Saved data entries:
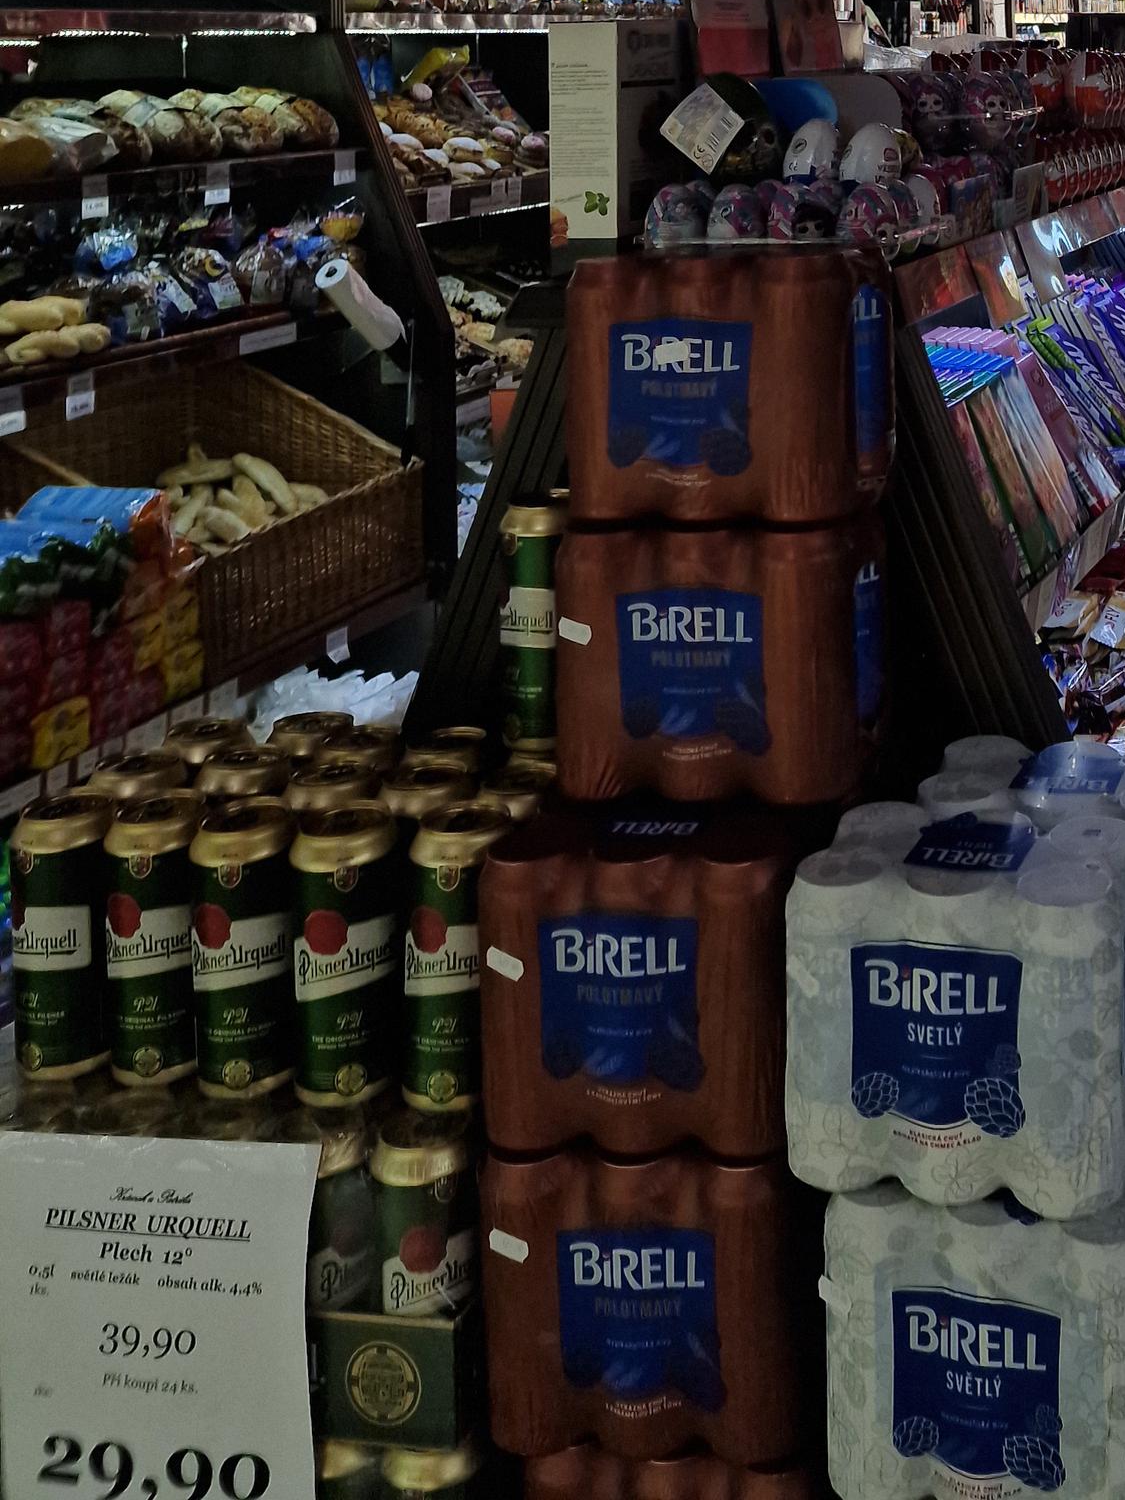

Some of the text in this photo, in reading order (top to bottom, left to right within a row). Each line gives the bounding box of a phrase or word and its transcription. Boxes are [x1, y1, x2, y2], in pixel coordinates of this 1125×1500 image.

[627, 602, 754, 643] BiRELL
[923, 848, 1015, 869] BiRELL
[299, 950, 348, 985] Pilsner
[551, 928, 687, 979] BiRELL
[864, 958, 1007, 1016] BiRELL
[46, 1208, 251, 1239] PILSNER URQUELL
[99, 1242, 152, 1263] Plech
[569, 1241, 705, 1291] BiRELL
[108, 1269, 140, 1286] ležák
[157, 1274, 198, 1291] obsah
[229, 1281, 263, 1298] 4,4%
[390, 1272, 448, 1310] Pilsner
[98, 1323, 197, 1359] 39,90
[905, 1305, 1047, 1372] BiRELL
[161, 1380, 178, 1395] 24
[946, 1370, 1002, 1399] SVĚTLÝ
[37, 1434, 271, 1500] 29,90

Problem details: What you return should match the entries word for word, pictures aside.

Task solution:
Some of the text in this photo, in reading order (top to bottom, left to right within a row). Each line gives the bounding box of a phrase or word and its transcription. Boxes are [x1, y1, x2, y2], in pixel coordinates of this 1125×1500 image.

[627, 602, 754, 643] BiRELL
[923, 848, 1015, 869] BiRELL
[299, 950, 348, 985] Pilsner
[551, 928, 687, 979] BiRELL
[864, 958, 1007, 1016] BiRELL
[46, 1208, 251, 1239] PILSNER URQUELL
[99, 1242, 152, 1263] Plech
[569, 1241, 705, 1291] BiRELL
[108, 1269, 140, 1286] ležák
[157, 1274, 198, 1291] obsah
[229, 1281, 263, 1298] 4,4%
[390, 1272, 448, 1310] Pilsner
[98, 1323, 197, 1359] 39,90
[905, 1305, 1047, 1372] BiRELL
[161, 1380, 178, 1395] 24
[946, 1370, 1002, 1399] SVĚTLÝ
[37, 1434, 271, 1500] 29,90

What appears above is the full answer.